At a hearing on March 10, 2021, Weier (then 19), submitted a letter to the court saying she was "sorry and deeply regretful for the agony, pain, and fear I have caused," not just to Leutner, but to "my community as well". She said, "I hate my actions from May 31, 2014, but through countless hours of therapy, I no longer hate myself for them." On July 1, 2021, Waukesha County Judge Michael Bohren ordered her release from the Winnebago Institute, gave state officials 60 days to draft a conditional release plan, and required that Weier be assigned case managers in the Wisconsin Department of Health Services to supervise her progress until she is 37 years old, the length of her commitment.

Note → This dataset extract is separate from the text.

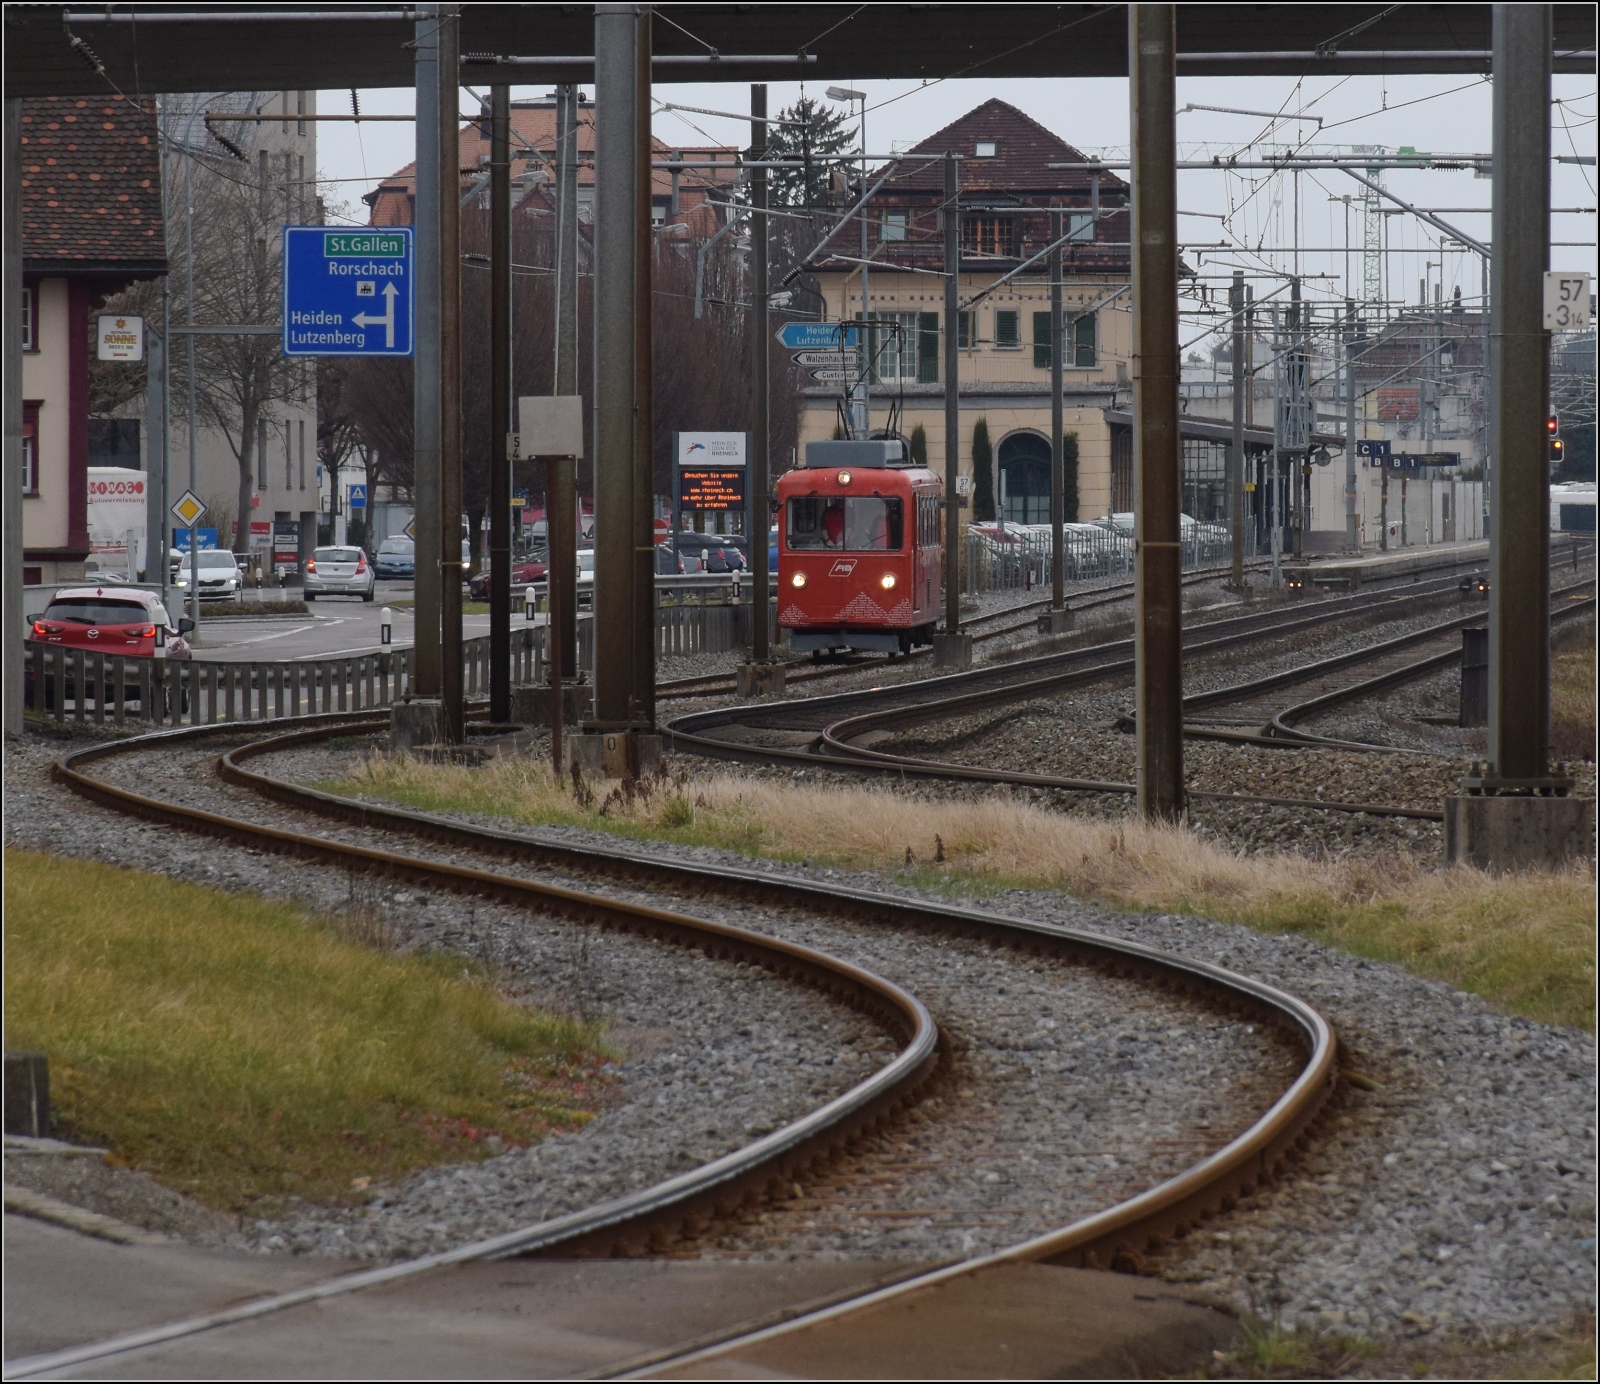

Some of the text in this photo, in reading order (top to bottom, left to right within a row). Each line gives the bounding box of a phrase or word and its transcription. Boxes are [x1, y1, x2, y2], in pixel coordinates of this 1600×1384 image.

On September 13, 2021, Weier was released with multiple stipulations, including 24-hour GPS ankle monitoring that required her to request permission before leaving Waukesha County, and no contact with Leutner until 2039. Leutner's family was "reasonably comfortable" with these restrictions, but wished she had served a longer sentence. Weier's Internet use is restricted and monitored, and she is not allowed to use any form of social media. Weier is required to take court-mandated psychiatric medication and is escorted to regular counseling sessions by a case worker. She is required to live with her father while under supervision. On September 11, 2023, the GPS stipulation was waived.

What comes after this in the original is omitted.